Martens and the mountain lion

(Editor's note: During this year’s Bassmaster Classic, Aaron Martens made headlines for alerting authorities to a stranded house cat on a bluff overlooking Grand Lake. At a recent media event, Joe Sills of Fishing Tackle Retailer got Martens to open up about another encounter with a cat of a different variety that occurred during his childhood in California.

Aaron Martens was alone in the dark.

And though he didn’t know it yet, the future three-time Bassmaster Angler of the Year was in mortal danger.

“My buddy was 100 yards in front of me,” Martens said, recalling a tenuous encounter with a mountain lion from his teenage days. “I don’t know why I let him get that far in front. I shouldn’t have, but he did.”

The pair was high in the desert mountains above Los Angeles, speeding down moonlit, dirt paths on mountain bikes. The temperature was a dry, 85 degrees. At times, they would hit 25 or 30 miles per hour going downhill. For the two friends, nighttime mountain biking in the California air was a regular thing, but on this night, something irregular was about to occur.

Years before he would start a running joke for saving a stranded house cat at the 2016 Bassmaster Classic, Martens was about to have a run-in with a much larger, more dangerous cat.

“I wasn’t going very fast,” he says. “I was just pedaling along in the dark when I heard this thump beside me. It was a loud thump … like a big chest cavity sound. I knew something big had landed beside me.”

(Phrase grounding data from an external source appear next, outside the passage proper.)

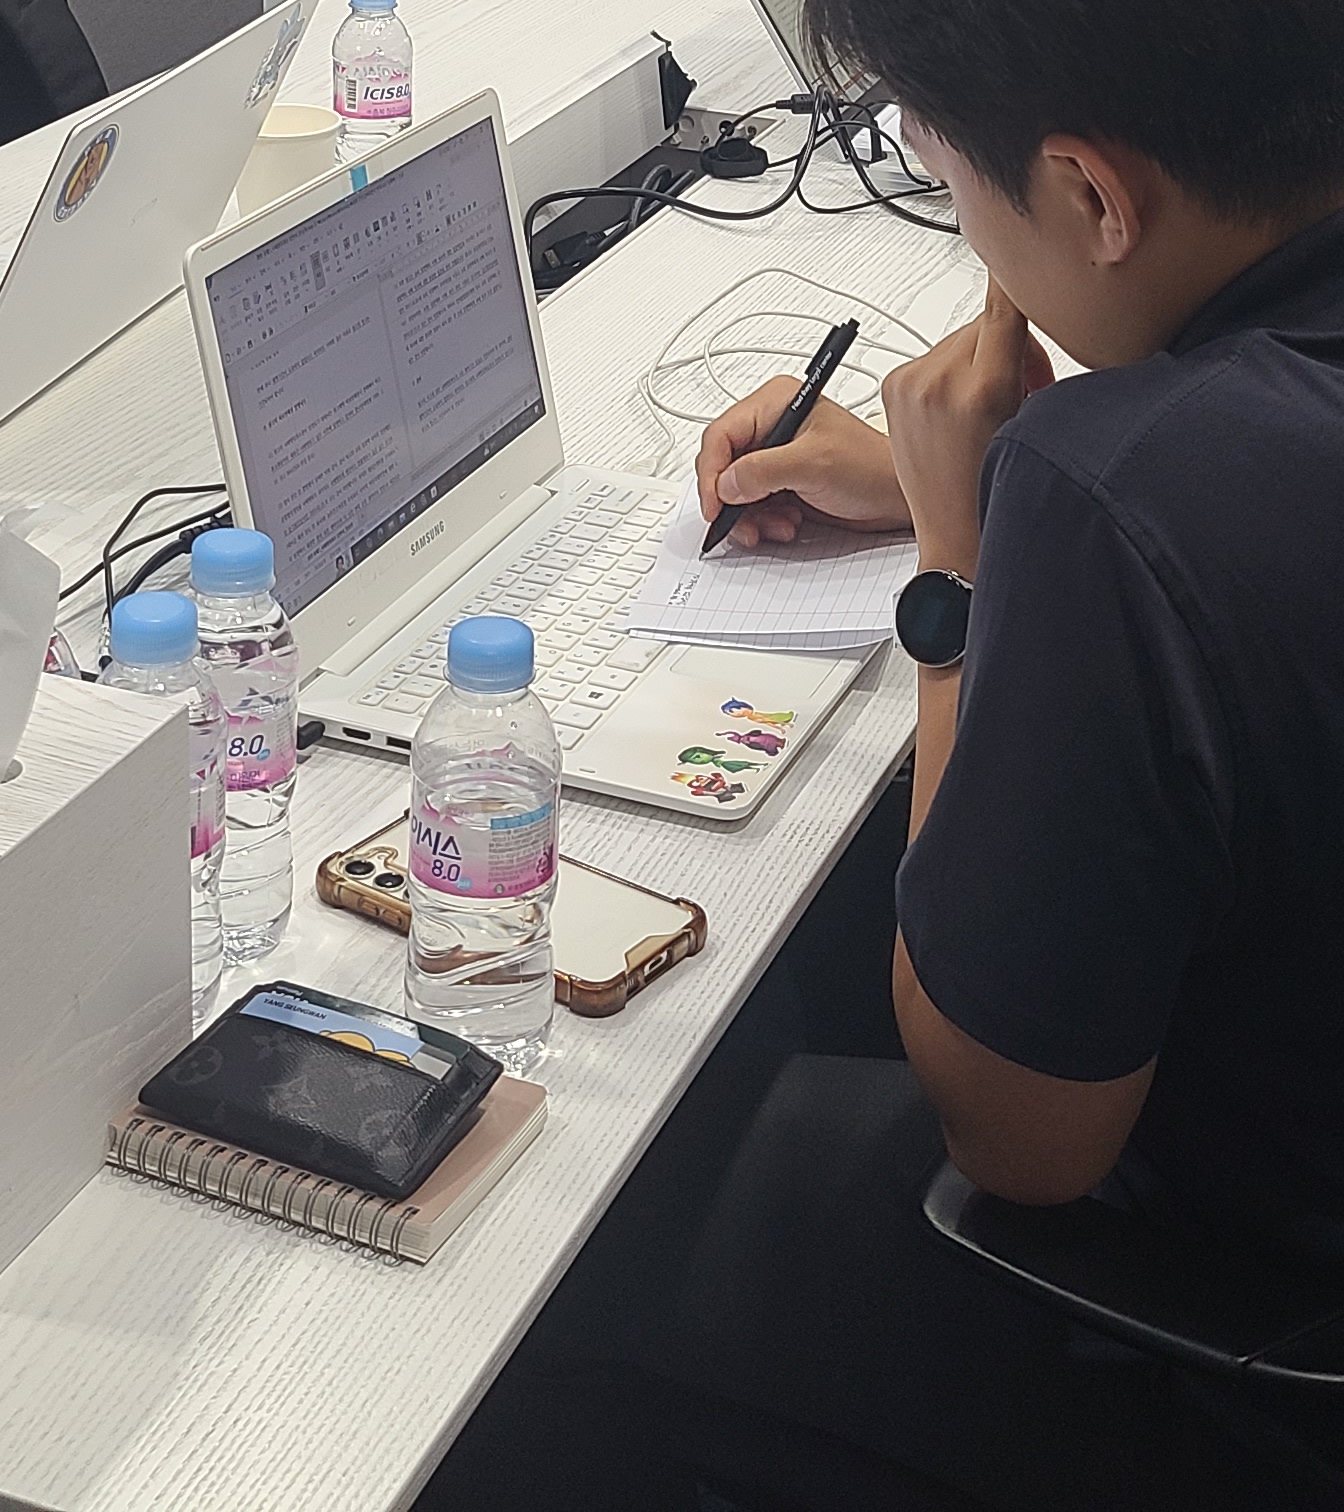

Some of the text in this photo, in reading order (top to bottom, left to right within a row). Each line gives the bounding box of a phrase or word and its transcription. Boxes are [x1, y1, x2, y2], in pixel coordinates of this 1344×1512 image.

[363, 86, 396, 100] ICIS
[410, 520, 445, 556] SAMSUNG
[228, 734, 264, 757] 8.0
[431, 859, 461, 882] 8.0
[263, 998, 285, 1008] YANG

Something big turned out to be a full-grown mountain lion—one that had pounced down from a cliff before proceeding to run alongside Martens in the grass beside the bike trail. Suddenly, Martens was a moving target for a prowling, apex predator. That’s when his instincts kicked in.

The reigning Elite Series Angler of the Year is famous for his instincts. Martens, maybe more than any angler at the highest level of fishing, is guided by instinct. He avoids dock talk, often avoids local lake lore, and has a reputation for camping far away from the hotels that typically house groups of other pros on tour. He’s said to be a “fish whisperer” of sorts, using his intimate knowledge of nature to predict fishing patterns.

So far, you could argue that it’s worked, but fishing patterns don’t help you when you’re about to become a snack.

“It was really scary,” said Martens. “But I knew not to freak out and peddle even faster. When I saw it, I started yelling really loud, yelling to my buddy in front of me. I was ready to jump off and hold my bike out in front of me in case it attacked, but it eventually ran away.”

After that, Martens quit night riding. Ironically, if he hadn’t hopped aboard a mountain bike in the first place, he may never have become a professional bass fisherman.

“When I started bass fishing, I started on top of a mountain bike with a fishing rod strapped to my back,” he said. “I would ride to these ponds in California, break in and fish until I got kicked out. Then I would ride to the next one.”

When Martens began hitting the tournament trails, he would bring a mountain bike with him. Eventually, he traded tire treads for running shoes and multiple AOY titles. But, he still remembers his unexpected date with a curious, California cougar.

“Looking back, it was pretty stupid of me,” he laughs. “I mean mountain lions are everywhere in California, and we were riding through this area that was loaded with them … under a full moon at night. I got lucky.”